◆ What you should do ◆
Print every entry below again. Nothing may differ from the original.

◆ Stored data ◆
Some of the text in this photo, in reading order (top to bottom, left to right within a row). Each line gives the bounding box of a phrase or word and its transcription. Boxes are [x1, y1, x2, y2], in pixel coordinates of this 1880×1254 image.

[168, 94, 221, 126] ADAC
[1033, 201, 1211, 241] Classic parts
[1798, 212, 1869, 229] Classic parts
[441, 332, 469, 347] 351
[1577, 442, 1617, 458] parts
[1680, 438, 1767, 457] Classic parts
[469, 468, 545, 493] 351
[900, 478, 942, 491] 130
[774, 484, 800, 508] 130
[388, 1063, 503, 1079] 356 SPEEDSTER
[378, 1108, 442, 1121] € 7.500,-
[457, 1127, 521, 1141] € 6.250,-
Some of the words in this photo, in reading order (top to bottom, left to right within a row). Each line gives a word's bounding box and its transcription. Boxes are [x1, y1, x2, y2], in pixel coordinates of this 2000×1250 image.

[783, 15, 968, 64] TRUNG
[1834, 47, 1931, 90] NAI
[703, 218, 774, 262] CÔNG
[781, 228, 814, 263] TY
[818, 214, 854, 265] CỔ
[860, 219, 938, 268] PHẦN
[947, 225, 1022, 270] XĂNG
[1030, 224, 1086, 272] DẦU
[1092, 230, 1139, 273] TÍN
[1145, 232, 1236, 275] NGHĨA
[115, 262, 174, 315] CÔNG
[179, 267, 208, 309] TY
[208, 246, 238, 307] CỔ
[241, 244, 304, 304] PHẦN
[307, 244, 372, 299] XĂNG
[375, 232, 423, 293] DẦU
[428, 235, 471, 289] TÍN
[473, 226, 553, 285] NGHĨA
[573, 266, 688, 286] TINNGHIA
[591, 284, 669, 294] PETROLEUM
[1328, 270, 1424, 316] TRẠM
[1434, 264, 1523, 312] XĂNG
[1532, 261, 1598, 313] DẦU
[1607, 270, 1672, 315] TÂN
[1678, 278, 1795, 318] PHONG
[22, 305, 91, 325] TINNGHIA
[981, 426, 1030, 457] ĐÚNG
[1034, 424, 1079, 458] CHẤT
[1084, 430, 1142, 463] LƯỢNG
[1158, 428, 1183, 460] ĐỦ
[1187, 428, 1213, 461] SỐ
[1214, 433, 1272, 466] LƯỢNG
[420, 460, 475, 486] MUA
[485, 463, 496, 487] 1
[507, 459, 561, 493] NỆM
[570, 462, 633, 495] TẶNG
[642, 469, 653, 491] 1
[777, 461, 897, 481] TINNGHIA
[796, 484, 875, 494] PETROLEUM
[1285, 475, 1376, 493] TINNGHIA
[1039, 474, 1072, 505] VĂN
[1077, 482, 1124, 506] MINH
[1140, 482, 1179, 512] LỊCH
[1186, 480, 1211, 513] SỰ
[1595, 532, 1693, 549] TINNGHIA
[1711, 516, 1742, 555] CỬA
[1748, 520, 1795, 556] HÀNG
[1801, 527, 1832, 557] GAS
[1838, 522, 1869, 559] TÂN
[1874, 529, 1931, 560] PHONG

◆ Problem solution ◆
Some of the text in this photo, in reading order (top to bottom, left to right within a row). Each line gives the bounding box of a phrase or word and its transcription. Boxes are [x1, y1, x2, y2], in pixel coordinates of this 1880×1254 image.

[168, 94, 221, 126] ADAC
[1033, 201, 1211, 241] Classic parts
[1798, 212, 1869, 229] Classic parts
[441, 332, 469, 347] 351
[1577, 442, 1617, 458] parts
[1680, 438, 1767, 457] Classic parts
[469, 468, 545, 493] 351
[900, 478, 942, 491] 130
[774, 484, 800, 508] 130
[388, 1063, 503, 1079] 356 SPEEDSTER
[378, 1108, 442, 1121] € 7.500,-
[457, 1127, 521, 1141] € 6.250,-
Some of the words in this photo, in reading order (top to bottom, left to right within a row). Each line gives a word's bounding box and its transcription. Boxes are [x1, y1, x2, y2], in pixel coordinates of this 2000×1250 image.

[783, 15, 968, 64] TRUNG
[1834, 47, 1931, 90] NAI
[703, 218, 774, 262] CÔNG
[781, 228, 814, 263] TY
[818, 214, 854, 265] CỔ
[860, 219, 938, 268] PHẦN
[947, 225, 1022, 270] XĂNG
[1030, 224, 1086, 272] DẦU
[1092, 230, 1139, 273] TÍN
[1145, 232, 1236, 275] NGHĨA
[115, 262, 174, 315] CÔNG
[179, 267, 208, 309] TY
[208, 246, 238, 307] CỔ
[241, 244, 304, 304] PHẦN
[307, 244, 372, 299] XĂNG
[375, 232, 423, 293] DẦU
[428, 235, 471, 289] TÍN
[473, 226, 553, 285] NGHĨA
[573, 266, 688, 286] TINNGHIA
[591, 284, 669, 294] PETROLEUM
[1328, 270, 1424, 316] TRẠM
[1434, 264, 1523, 312] XĂNG
[1532, 261, 1598, 313] DẦU
[1607, 270, 1672, 315] TÂN
[1678, 278, 1795, 318] PHONG
[22, 305, 91, 325] TINNGHIA
[981, 426, 1030, 457] ĐÚNG
[1034, 424, 1079, 458] CHẤT
[1084, 430, 1142, 463] LƯỢNG
[1158, 428, 1183, 460] ĐỦ
[1187, 428, 1213, 461] SỐ
[1214, 433, 1272, 466] LƯỢNG
[420, 460, 475, 486] MUA
[485, 463, 496, 487] 1
[507, 459, 561, 493] NỆM
[570, 462, 633, 495] TẶNG
[642, 469, 653, 491] 1
[777, 461, 897, 481] TINNGHIA
[796, 484, 875, 494] PETROLEUM
[1285, 475, 1376, 493] TINNGHIA
[1039, 474, 1072, 505] VĂN
[1077, 482, 1124, 506] MINH
[1140, 482, 1179, 512] LỊCH
[1186, 480, 1211, 513] SỰ
[1595, 532, 1693, 549] TINNGHIA
[1711, 516, 1742, 555] CỬA
[1748, 520, 1795, 556] HÀNG
[1801, 527, 1832, 557] GAS
[1838, 522, 1869, 559] TÂN
[1874, 529, 1931, 560] PHONG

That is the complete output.